Indeed, instead of talking to someone, facing the, well, let's face it, likley ,possibility of rejection, we just avoid the situation entirely. Unfortunantly, most people are not so tollerant of people with mental health issues, and, even when they're sussfully treated, they have overt residues. What do we do?!!! :confused:
 

JamesSmith

Well-known member
Personally, I think I'm nowhere near being relationship-ready. I think someone has to have a social life before they have a romantic life. And also, I don't go to college and am unemployed. That's all the more reason to know my place, which should probably be off the dating market.

I guess you could find someone who is just as much of a loner as you are. Then maybe both of you are okay with never having friends? The problem with that is it would be extremely difficult to find someone like that. First, you'd be looking for someone you think is attractive and has SAD, which would mean you'd be looking for lower than 4% of women, which sounds really tough. Then you'd have to find this girl which which would even more difficult considering she is a hermit and doesn't like to go out often, if ever. And after I see what I've broken down here, if you try to take this path of finding a girl that is just like you, your odds are against you pretty heavy.

Anyway, ignoring my ramble, if you want to find a girl it means going out of your comfort zone and taking on some serious pain. Finding a girlfriend means it's pretty important to have friends. Women tend to not be attracted to the loner guy that is by himself all of the time.

You've got your online dating you could try, or if you got the guts to go out, bars/clubs are obviously hot spots to meet women. Churches, group activities, parties, and any other kind of social event that involves women would be a good bet to try to hook up with a woman.
 
Find someone local on a forum like this. Talk to them a lot on here. Get comfortable enough with them to talk on the phone eventually. If you do decide to meet, you'll know a lot more about each other and can possibly avoid some awkward icebreaking.

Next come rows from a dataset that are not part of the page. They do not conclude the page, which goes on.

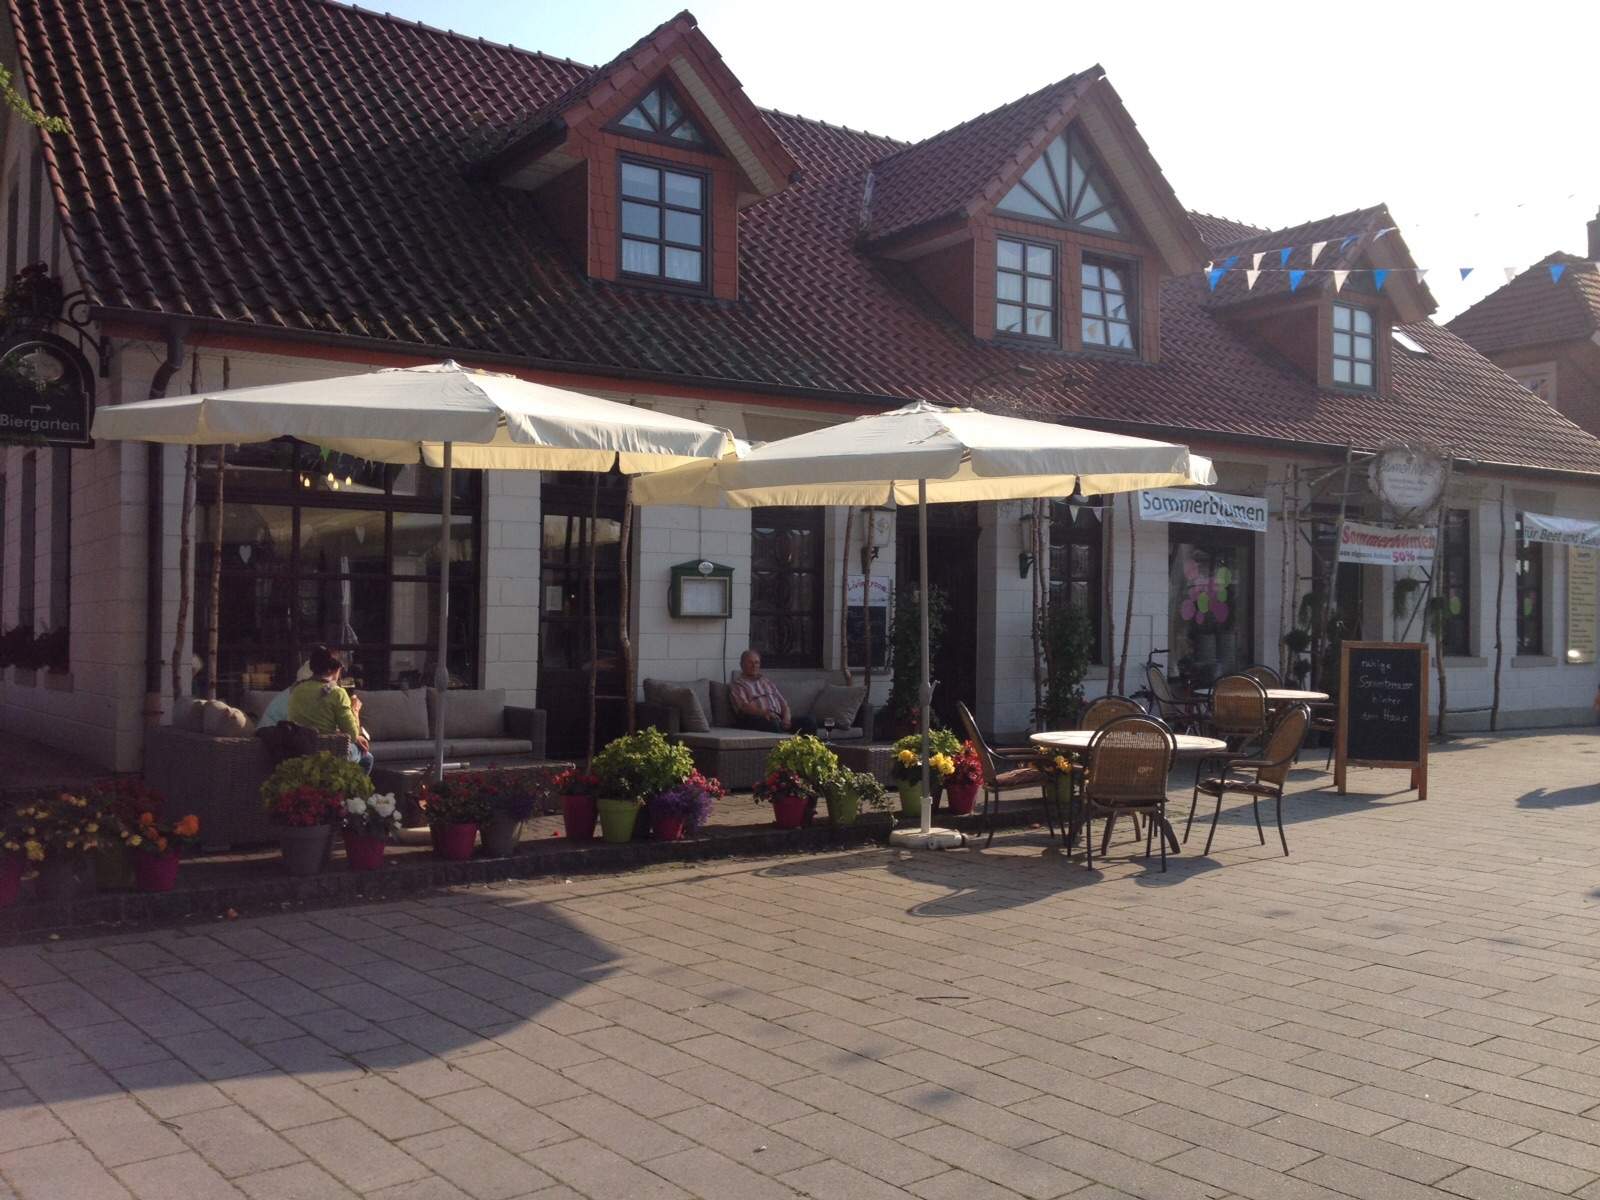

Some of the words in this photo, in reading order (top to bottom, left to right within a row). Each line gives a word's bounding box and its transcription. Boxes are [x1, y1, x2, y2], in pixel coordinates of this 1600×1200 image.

[0, 414, 80, 431] Biergarten
[1142, 491, 1265, 522] Sommerblumen
[1342, 525, 1437, 549] Sommerblumen
[1540, 528, 1562, 542] Beet
[1562, 532, 1580, 544] und
[1392, 551, 1416, 563] 50%
[1361, 659, 1391, 674] ruhige
[1372, 692, 1401, 704] hinter
[1383, 708, 1408, 722] Haus

Or just stay in and play PS3. The opposite sex always cause problems, really. Your future self would thank you.
 

Felgen

Well-known member
Try online dating. Even if the girls there are picky as all f*ck, they tend to be understanding of a guys issues regarding shyness, anxiety and so on.
 
B

Beatrice

Guest
I know what you mean.... I've thought of this dilemma myself. And I agree with the comment about needing a social life before you date. Absolutely, for MANY reasons (emotional support, second opinions, looking like you have a life lol, etc...). This is why I'm so afraid that I'll always be alone even though I'm reasonably attractive (well, most of me... except for what I hate about myself :/ and only with makeup and nice clothes :/). The desire for love, though, makes me think I want a boyfriend but what I reallly want are FRIENDS.... other humans to just share company and hug and laugh with.... *sigh* :(
 

coyote

Well-known member
Hey there. I, like many of you, have never dated. Of course, I think that a romantic relationship is something that would be worth having--it's part of the human experiance that we will have been impoverished not to have had at some point in our lives. But, honestly, what are we supposed to do? It's not like (most of us, anyways) have great social resources to muster whenever we feel like it would be a good idea to talk to someone.
Indeed, instead of talking to someone, facing the, well, let's face it, likley ,possibility of rejection, we just avoid the situation entirely.
Unfortunantly, most people are not so tollerant of people with mental health issues, and, even when they're sussfully treated, they have overt residues. What do we do?!!! :confused:

the bold part - that's the problem

1. the only way to develop the "great social resources" to muster is to practice, practice, practice. And then try practicing, too.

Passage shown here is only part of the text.